━━━━━ Records shown ━━━━━

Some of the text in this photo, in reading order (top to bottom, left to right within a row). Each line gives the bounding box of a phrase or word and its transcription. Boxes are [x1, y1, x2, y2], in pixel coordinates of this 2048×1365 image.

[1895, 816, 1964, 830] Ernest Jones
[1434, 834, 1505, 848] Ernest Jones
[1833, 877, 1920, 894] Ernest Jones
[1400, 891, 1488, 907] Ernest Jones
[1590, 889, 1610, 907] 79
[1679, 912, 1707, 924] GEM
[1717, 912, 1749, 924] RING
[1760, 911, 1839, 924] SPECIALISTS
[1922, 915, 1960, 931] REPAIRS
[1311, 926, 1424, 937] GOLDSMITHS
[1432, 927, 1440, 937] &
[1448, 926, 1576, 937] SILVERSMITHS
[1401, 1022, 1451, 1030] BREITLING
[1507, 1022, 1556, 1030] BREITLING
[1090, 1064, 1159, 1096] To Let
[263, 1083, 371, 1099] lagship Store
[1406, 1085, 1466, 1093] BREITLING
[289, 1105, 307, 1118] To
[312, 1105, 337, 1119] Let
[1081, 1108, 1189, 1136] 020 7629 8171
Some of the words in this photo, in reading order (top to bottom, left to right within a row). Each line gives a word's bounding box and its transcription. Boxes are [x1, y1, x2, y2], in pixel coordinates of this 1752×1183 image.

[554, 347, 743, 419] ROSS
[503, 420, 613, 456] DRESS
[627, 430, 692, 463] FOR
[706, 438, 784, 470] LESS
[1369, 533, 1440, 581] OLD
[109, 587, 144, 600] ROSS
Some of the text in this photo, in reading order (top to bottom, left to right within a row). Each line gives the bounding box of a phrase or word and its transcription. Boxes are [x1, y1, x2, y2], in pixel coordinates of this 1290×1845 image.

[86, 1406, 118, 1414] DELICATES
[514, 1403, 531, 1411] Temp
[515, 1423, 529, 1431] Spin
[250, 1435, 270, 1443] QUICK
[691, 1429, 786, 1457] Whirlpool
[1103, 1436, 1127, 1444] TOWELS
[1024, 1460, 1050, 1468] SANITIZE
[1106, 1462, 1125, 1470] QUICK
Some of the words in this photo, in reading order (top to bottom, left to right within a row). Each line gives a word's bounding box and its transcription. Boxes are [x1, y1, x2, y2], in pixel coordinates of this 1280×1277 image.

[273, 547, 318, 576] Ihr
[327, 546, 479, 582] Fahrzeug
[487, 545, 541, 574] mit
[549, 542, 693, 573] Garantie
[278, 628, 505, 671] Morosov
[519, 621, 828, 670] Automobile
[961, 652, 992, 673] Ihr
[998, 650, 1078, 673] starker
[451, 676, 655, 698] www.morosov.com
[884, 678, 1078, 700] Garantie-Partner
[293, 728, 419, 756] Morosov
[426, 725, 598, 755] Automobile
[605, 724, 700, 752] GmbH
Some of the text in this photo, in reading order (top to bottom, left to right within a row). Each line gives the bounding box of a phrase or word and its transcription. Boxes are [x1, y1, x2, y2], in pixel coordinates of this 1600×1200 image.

━━━━━

— Task to carry out —
Without omitting anything, reproduce the whole of the data.

— Answer to this problem —
Some of the text in this photo, in reading order (top to bottom, left to right within a row). Each line gives the bounding box of a phrase or word and its transcription. Boxes are [x1, y1, x2, y2], in pixel coordinates of this 2048×1365 image.

[1895, 816, 1964, 830] Ernest Jones
[1434, 834, 1505, 848] Ernest Jones
[1833, 877, 1920, 894] Ernest Jones
[1400, 891, 1488, 907] Ernest Jones
[1590, 889, 1610, 907] 79
[1679, 912, 1707, 924] GEM
[1717, 912, 1749, 924] RING
[1760, 911, 1839, 924] SPECIALISTS
[1922, 915, 1960, 931] REPAIRS
[1311, 926, 1424, 937] GOLDSMITHS
[1432, 927, 1440, 937] &
[1448, 926, 1576, 937] SILVERSMITHS
[1401, 1022, 1451, 1030] BREITLING
[1507, 1022, 1556, 1030] BREITLING
[1090, 1064, 1159, 1096] To Let
[263, 1083, 371, 1099] lagship Store
[1406, 1085, 1466, 1093] BREITLING
[289, 1105, 307, 1118] To
[312, 1105, 337, 1119] Let
[1081, 1108, 1189, 1136] 020 7629 8171
Some of the words in this photo, in reading order (top to bottom, left to right within a row). Each line gives a word's bounding box and its transcription. Boxes are [x1, y1, x2, y2], in pixel coordinates of this 1752×1183 image.

[554, 347, 743, 419] ROSS
[503, 420, 613, 456] DRESS
[627, 430, 692, 463] FOR
[706, 438, 784, 470] LESS
[1369, 533, 1440, 581] OLD
[109, 587, 144, 600] ROSS
Some of the text in this photo, in reading order (top to bottom, left to right within a row). Each line gives the bounding box of a phrase or word and its transcription. Boxes are [x1, y1, x2, y2], in pixel coordinates of this 1290×1845 image.

[86, 1406, 118, 1414] DELICATES
[514, 1403, 531, 1411] Temp
[515, 1423, 529, 1431] Spin
[250, 1435, 270, 1443] QUICK
[691, 1429, 786, 1457] Whirlpool
[1103, 1436, 1127, 1444] TOWELS
[1024, 1460, 1050, 1468] SANITIZE
[1106, 1462, 1125, 1470] QUICK
Some of the words in this photo, in reading order (top to bottom, left to right within a row). Each line gives a word's bounding box and its transcription. Boxes are [x1, y1, x2, y2], in pixel coordinates of this 1280×1277 image.

[273, 547, 318, 576] Ihr
[327, 546, 479, 582] Fahrzeug
[487, 545, 541, 574] mit
[549, 542, 693, 573] Garantie
[278, 628, 505, 671] Morosov
[519, 621, 828, 670] Automobile
[961, 652, 992, 673] Ihr
[998, 650, 1078, 673] starker
[451, 676, 655, 698] www.morosov.com
[884, 678, 1078, 700] Garantie-Partner
[293, 728, 419, 756] Morosov
[426, 725, 598, 755] Automobile
[605, 724, 700, 752] GmbH
Some of the text in this photo, in reading order (top to bottom, left to right within a row). Each line gives the bounding box of a phrase or word and its transcription. Boxes are [x1, y1, x2, y2], in pixel coordinates of this 1600×1200 image.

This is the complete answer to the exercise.